Listening to the community: a first step in adapting Diabetes Today to the Pacific.

2002 
: Diabetes is a growing problem among Pacific Islanders, but few community-based groups in the Pacific are actively working on diabetes prevention and control. The Pacific Diabetes Today Resource Center (PDTRC) was established in 1998 to adapt the Diabetes Today (DT) curriculum for Pacific Island communities in Hawai'i, American Samoa, and Micronesia. To gather data to guide the development of the Pacific Diabetes Today (PDT) curriculum, a year was spent listening to Pacific communities. First, data were gathered from health professionals on how the DT curriculum should be modified. Second, health and community leaders in 11 sites were trained and supported to conduct discussion groups with people affected by diabetes. Third, site coordinators evaluated the discussion group process.
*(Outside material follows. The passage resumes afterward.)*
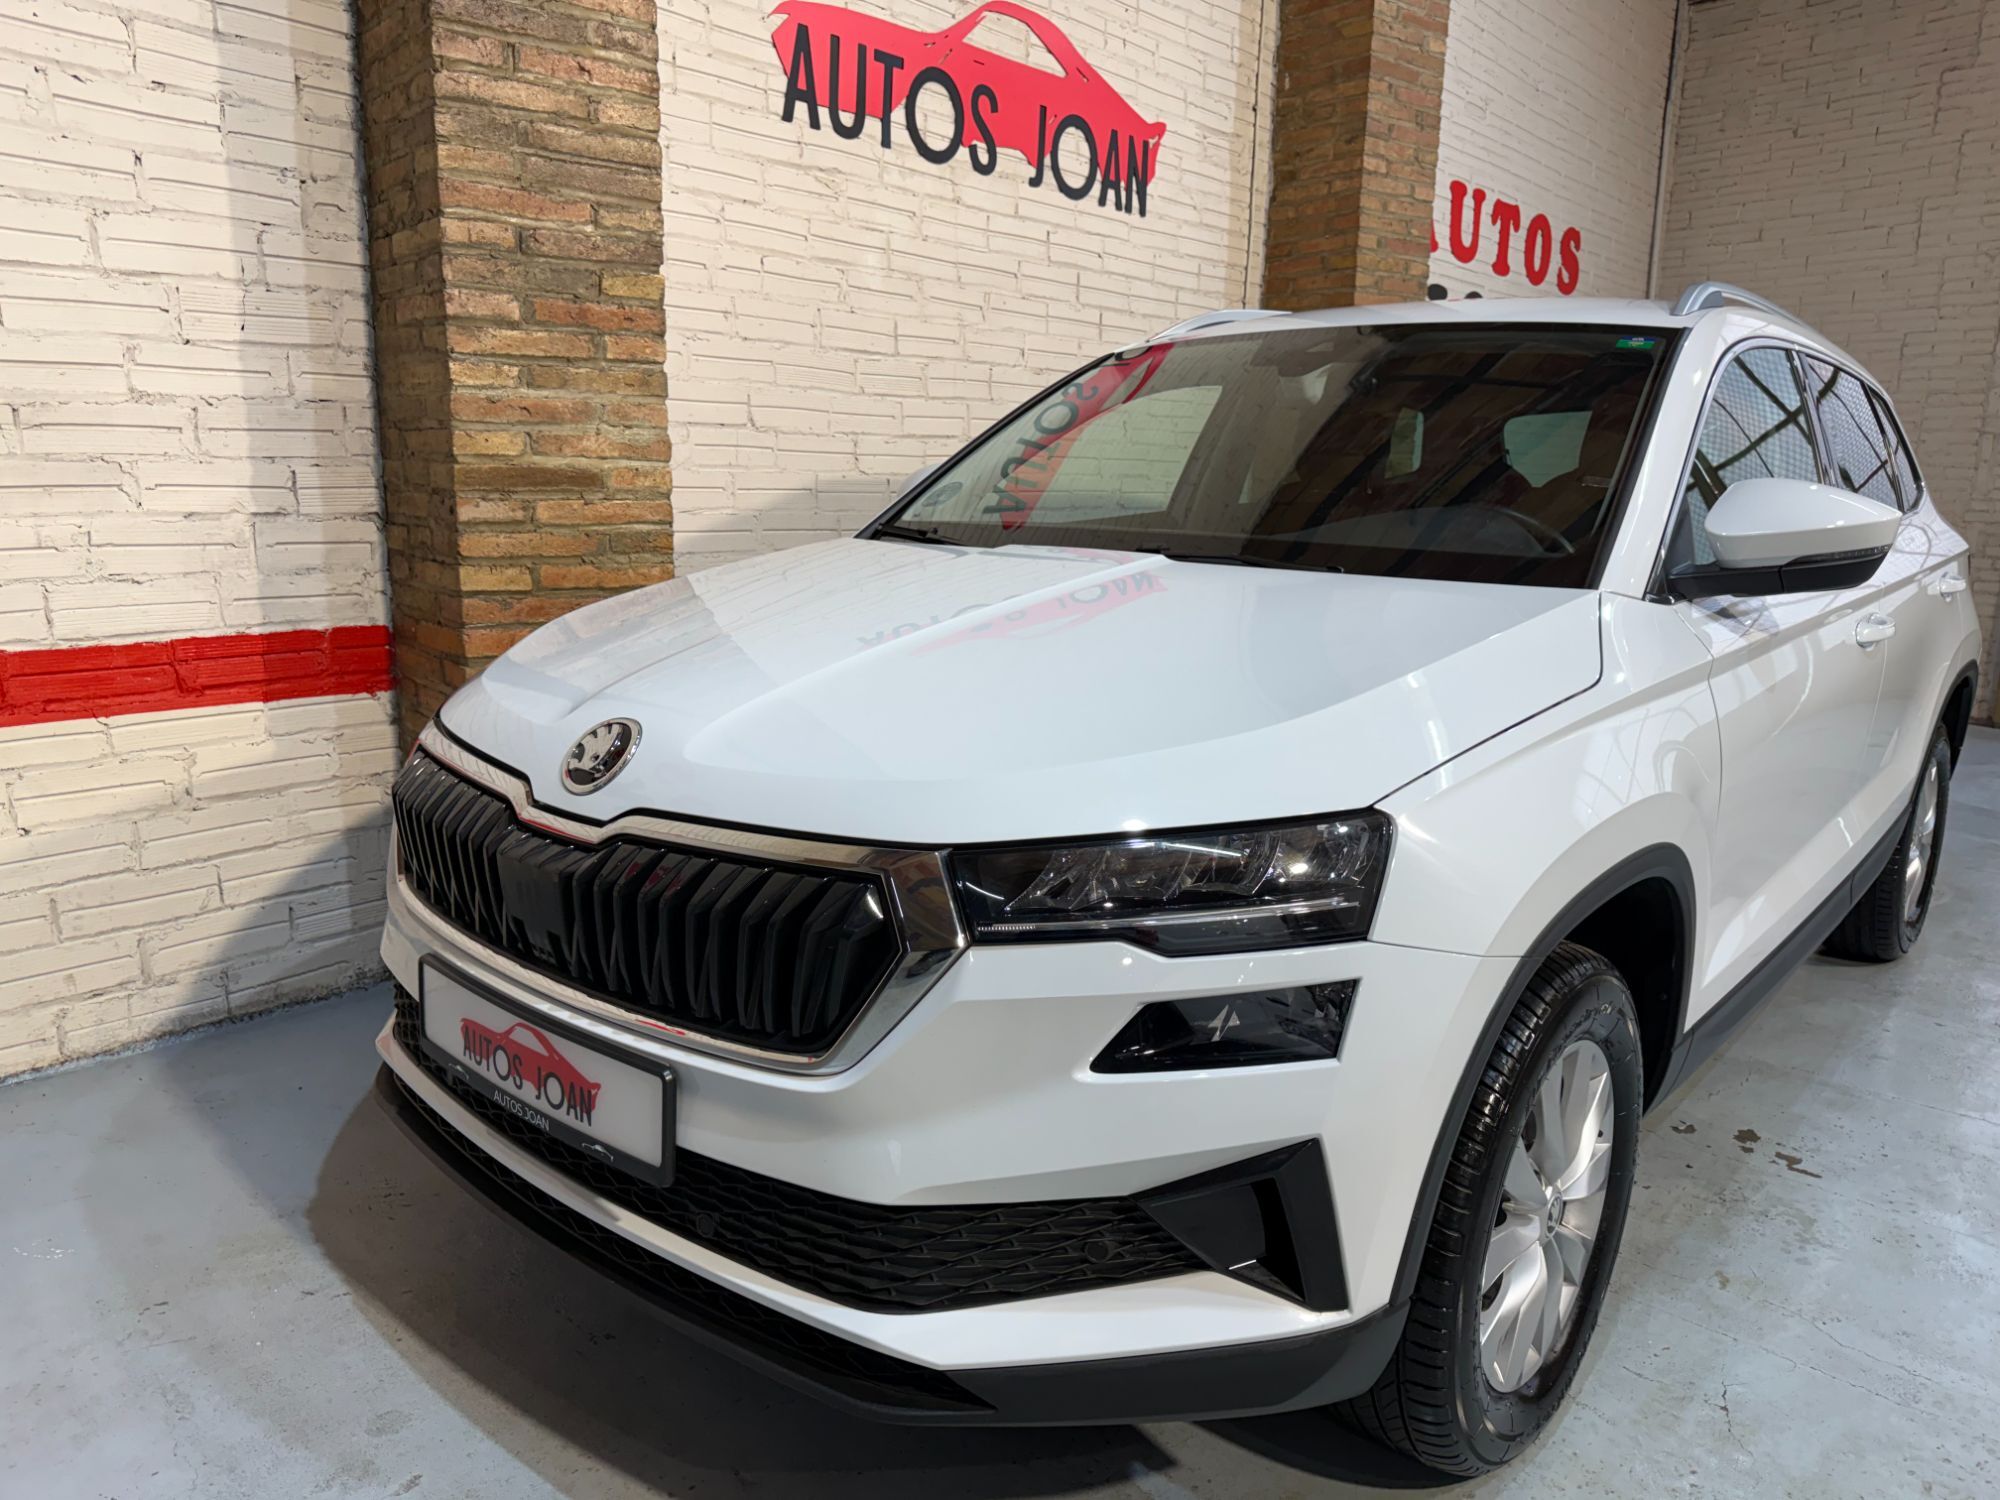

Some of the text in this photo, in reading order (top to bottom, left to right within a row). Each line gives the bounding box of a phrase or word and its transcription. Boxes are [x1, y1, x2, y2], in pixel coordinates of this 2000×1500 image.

A Pacific-wide Advisory Council (AC) was established to guide the project, and the AC used findings from the first year to generate guidelines for staff to follow in adapting the DT curriculum to the Pacific. These guidelines directed staff to: a) realize that Pacific communities need to build awareness about diabetes; b) train and support local community leaders as co-facilitators in the PDT curriculum, using a learn-by-doing approach, with the goal of developing them as independent trainers; c) encourage the involvement of a broad range of community members in PDT training, including the involvement of local physicians to counter medical misconceptions about diabetes; d) give the PDT curriculum a Pacific "look" and "feel;" and e) keep the training logistically flexible to accommodate differences in communities across the region. Other programs and agencies that want to develop training programs in the Pacific may find these listening strategies and guidelines helpful.